Os excluídos da Europa

Com a deportação de milhares de ciganos romenos e búlgaros para seus países de origem por ordem do governo francês nas últimas semanas, mais uma vez a atenção do mundo volta-se para a minoria mais desprivilegiada do continente — a maior parte vivendo no Leste Europeu. Mesmo com o ingresso dos países dessa área na União Europeia (UE), os milhões de ciganos de Romênia, Hungria ou Bulgária continuaram a viver em guetos, como ilhas do Terceiro Mundo na rica UE. Alvos da violência neonazista na Hungria, ameaçados na Romênia, os ciganos tornam-se bodes expiatórios também nos seus países de origem.

— Sempre que a situação fica mais difícil, os ciganos voltam a ser perseguidos, como em tantas vezes na História — lamenta Florian Cioaba, de Sibiu, na Romênia, vice-presidente da Associação Mundial dos Ciganos.

A reportagem é de Graça Magalhães-Ruether e publicada pelo jornal O Globo,, 19-09-2010.

Embora a situação geral tenha melhorado na Europa Oriental com o fim do comunismo há 20 anos e ingresso na UE, para a minoria, as mudanças trouxeram retrocesso.

Na era comunista, eram integrados ao sistema de produção, embora em profissões simples.

Muitos trabalhavam como ajudantes na construção civil. Com a privatização e o fechamento de empresas, foram os primeiros demitidos em consequência da baixa qualificação. E perderam de novo com o ingresso na UE. Com a pressão pelo saneamento das finanças públicas, foram cortadas verbas para minorias pobres, agravando a situação.

Autoproclamado rei dos ciganos, Cioaba, de 57 anos, diz recear o pior. Segundo ele, a ação francesa poderia desencadear “uma reação em cadeia” na Europa. Cioaba teme que mesmo os ciganos da Alemanha ou França, há séculos nesses países, poderiam terminar vítimas de mais discriminação.

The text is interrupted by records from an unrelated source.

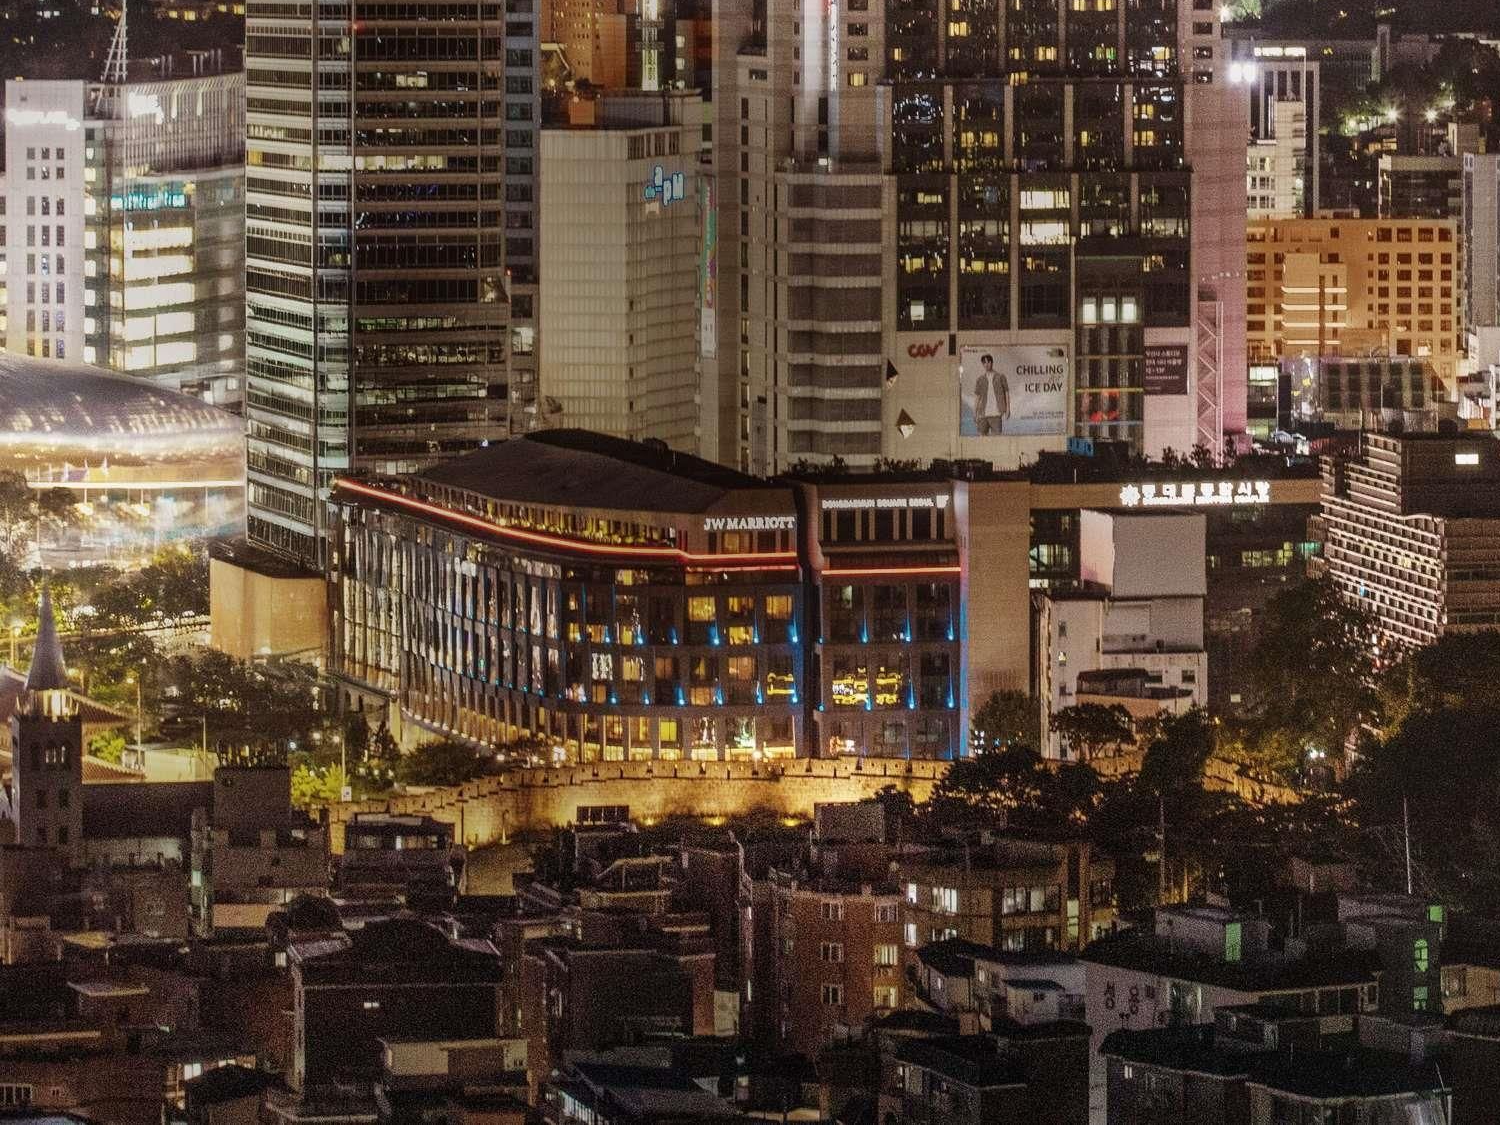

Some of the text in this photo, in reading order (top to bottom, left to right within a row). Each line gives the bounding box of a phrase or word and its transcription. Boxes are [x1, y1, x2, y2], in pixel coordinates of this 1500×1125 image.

[907, 343, 938, 358] CGV
[1016, 365, 1064, 375] CHILLING
[1025, 383, 1063, 393] ICE DAY
[876, 499, 907, 508] SQUARE
[908, 498, 934, 507] SEOUL
[704, 516, 795, 530] JW MARRIOTT

O medo não é gratuito: uma pesquisa da Comissão Europeia, em 2008, mostrou que 25% dos cidadãos da UE sentiriam desconforto em ter um cigano como vizinho, contra 6% que manifestaram o mesmo em relação a outra minoria. Romani Rose, presidente do Conselho Central dos Ciganos da Alemanha, vê com preocupação o anticiganismo.

Segundo ele, a discriminação atinge um nível nunca visto desde a Segunda Guerra, quando o nazismo assassinou 500 mil ciganos.

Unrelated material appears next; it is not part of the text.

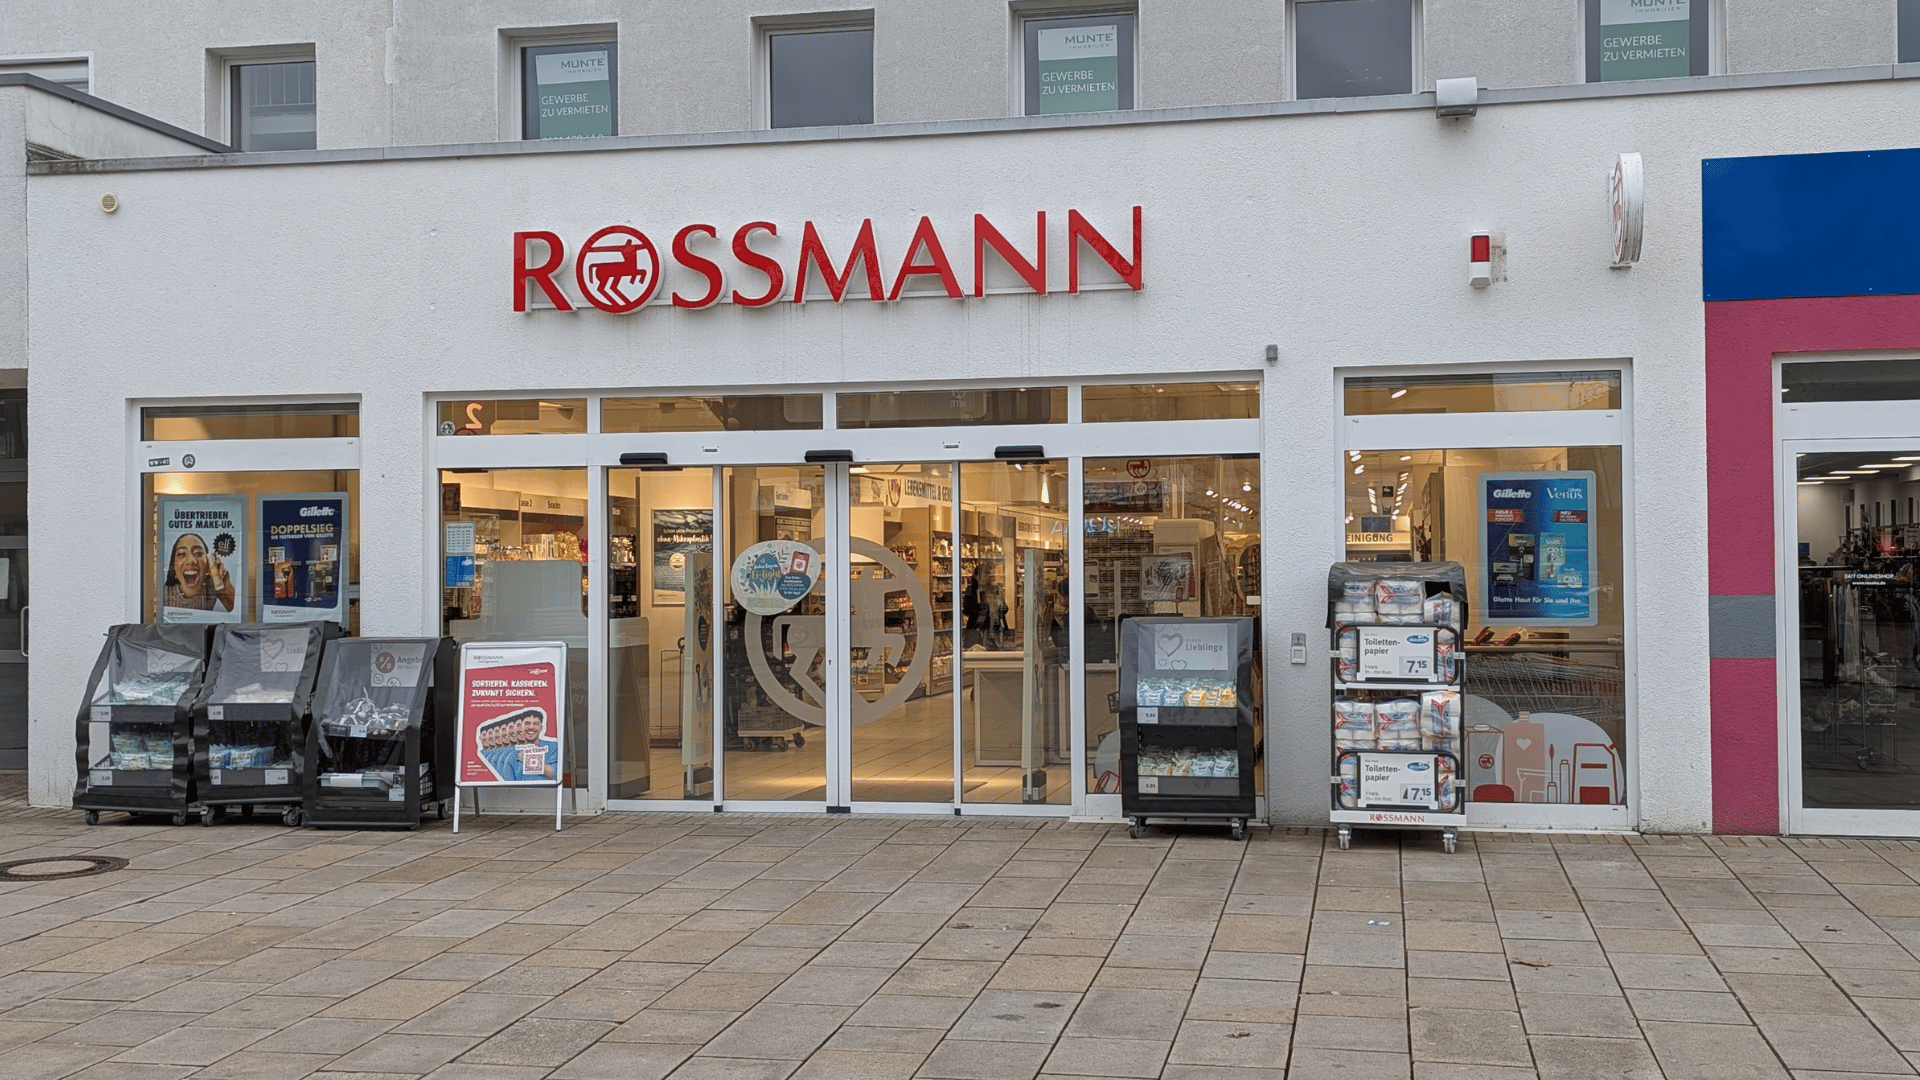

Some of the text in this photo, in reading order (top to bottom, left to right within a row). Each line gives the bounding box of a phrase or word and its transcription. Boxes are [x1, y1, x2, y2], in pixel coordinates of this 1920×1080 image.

Outros países já seguiram trilhas semelhantes à da França. Em 2007, as eleições italianas foram palco de uma inflamada discussão sobre a “ameaça” dos ciganos do leste, que terminou favorecendo a vitória do premier Silvio Berlusconi. Recentemente, acampamentos ciganos têm sido alvo da polícia. Por sua vez, a Alemanha deu inicio à deportação de 12 mil ciganos de Kosovo, que imigraram para o país nos anos 1990 durante a guerra na Iugoslávia.

Em 2009, um acampamento no centro de Berlim foi desmontado sem alarde. Cada um recebeu G 250 para deixar a cidade. Como têm passaporte da UE, eles podem ir para qualquer país sem visto de entrada.

— Aqui acontecem muitas coisas que não despertam a atenção pública como na França — Ines Biesewinkel, da ONG Rom e.V., ressaltando que o governo alemão age na surdina.

Muitos dos deportados pela França vão para Prislop, um gueto cigano a 15 quilômetros de Sibiu, na Romênia, que simboliza a segregação no Leste Europeu. Se em Sibiu 18% da população têm educação superior e quase 100% nível médio, em Prislop a taxa de analfabetismo é grande. Apenas uma minoria termina o Ensino Médio e faz um curso profissionalizante.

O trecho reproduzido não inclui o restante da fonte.